Task objective:
Print the listing below word for word, but drop any pictures it contains.

Data:
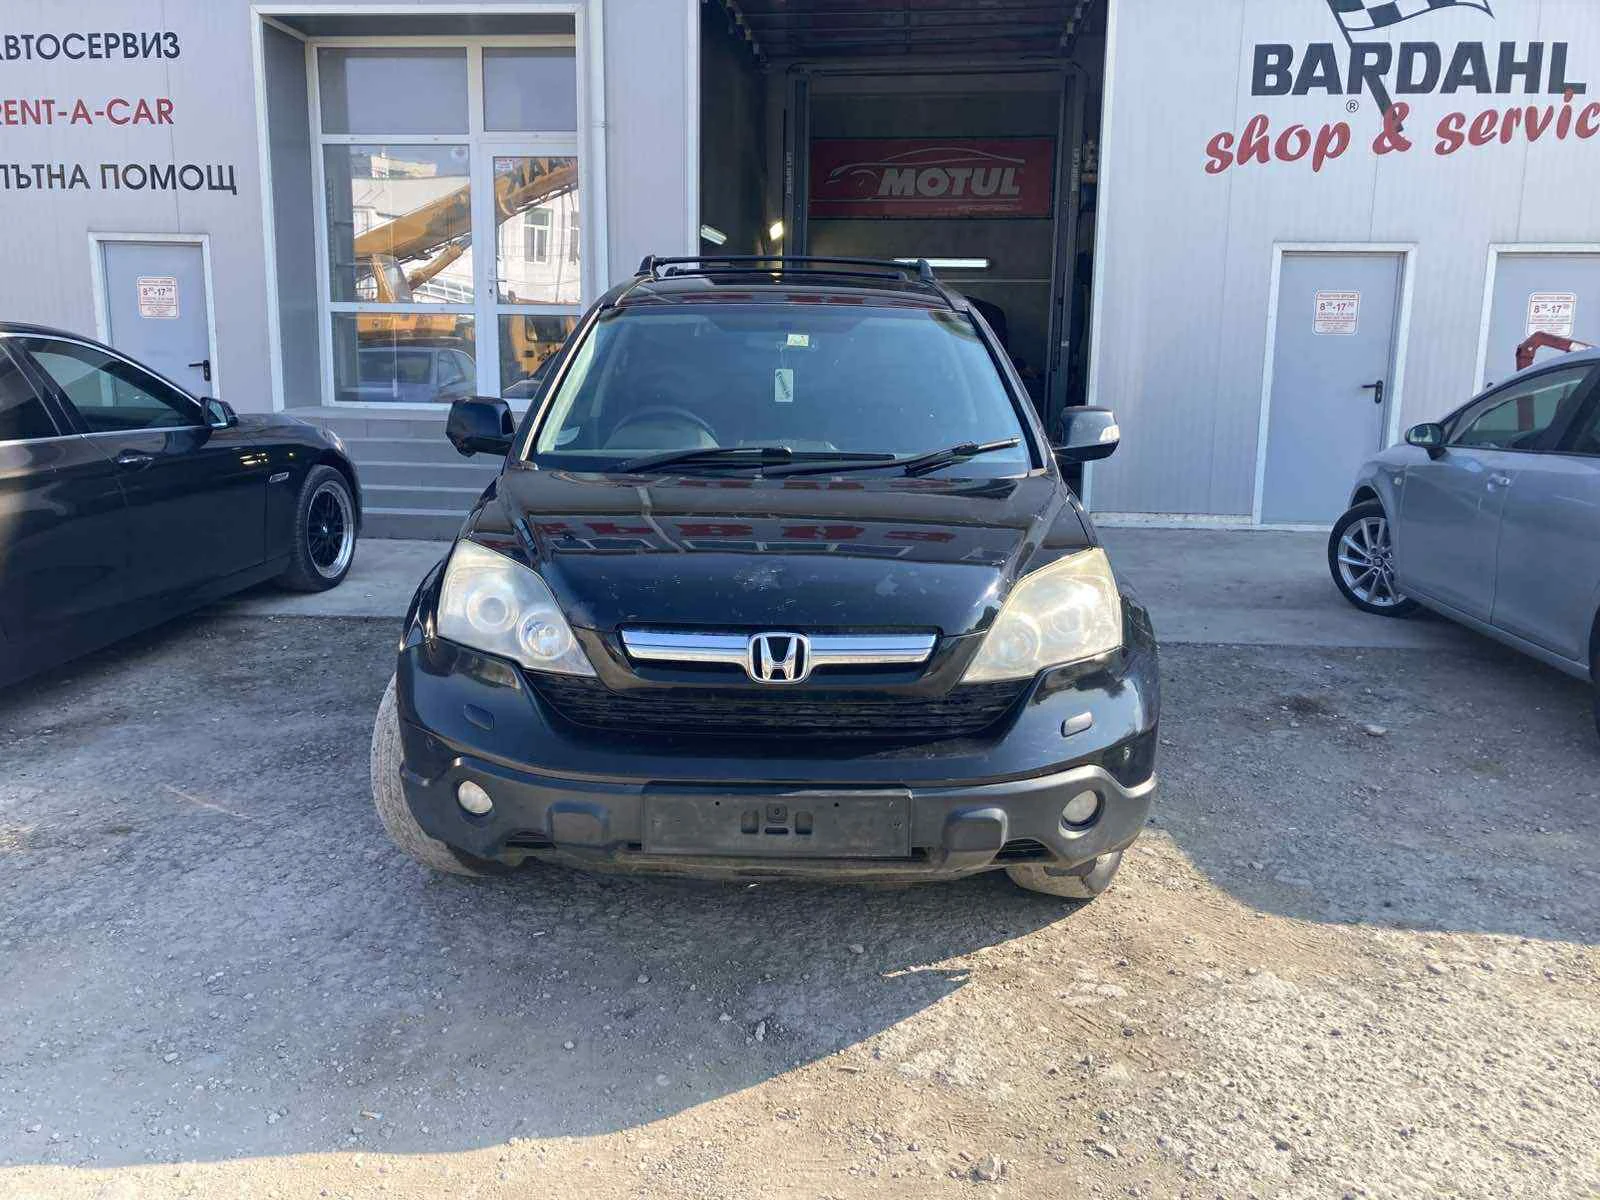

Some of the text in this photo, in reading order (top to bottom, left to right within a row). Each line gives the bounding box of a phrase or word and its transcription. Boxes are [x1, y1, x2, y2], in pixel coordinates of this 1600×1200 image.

[0, 32, 181, 60] ВТОСЕРВИЗ
[1251, 41, 1587, 96] BARDAHL
[0, 98, 175, 125] ENT-A-CAR
[1204, 114, 1351, 174] shop
[1372, 102, 1412, 155] &
[100, 163, 238, 195] ПОМОЩ
[878, 167, 1021, 196] MOTUL
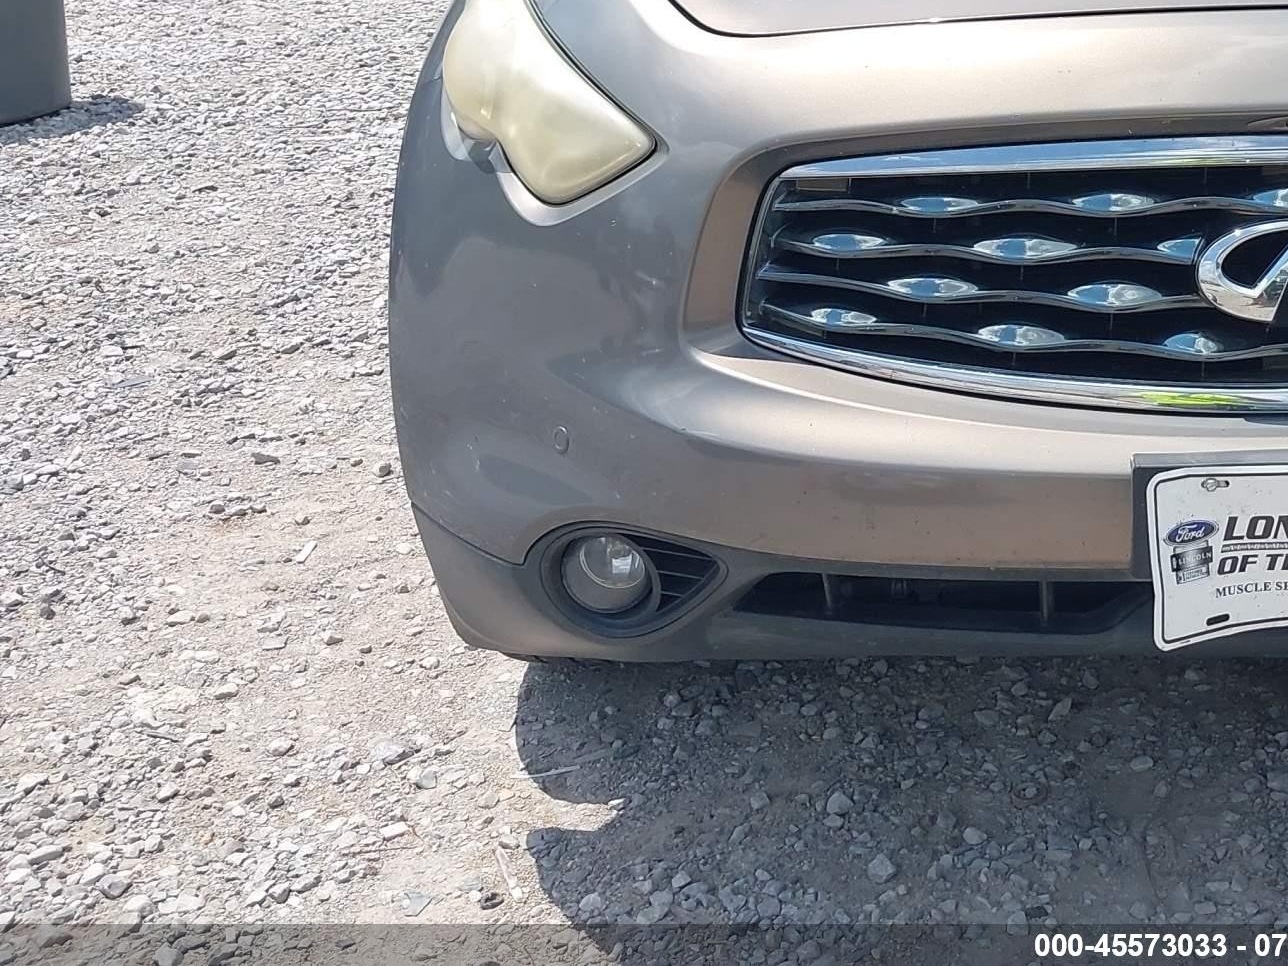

Task response:
Some of the text in this photo, in reading order (top to bottom, left to right within a row). Each line gives the bounding box of a phrase or word and its transcription. Boxes are [x1, y1, x2, y2], in pixel coordinates of this 1600×1200 image.

[0, 32, 181, 60] ВТОСЕРВИЗ
[1251, 41, 1587, 96] BARDAHL
[0, 98, 175, 125] ENT-A-CAR
[1204, 114, 1351, 174] shop
[1372, 102, 1412, 155] &
[100, 163, 238, 195] ПОМОЩ
[878, 167, 1021, 196] MOTUL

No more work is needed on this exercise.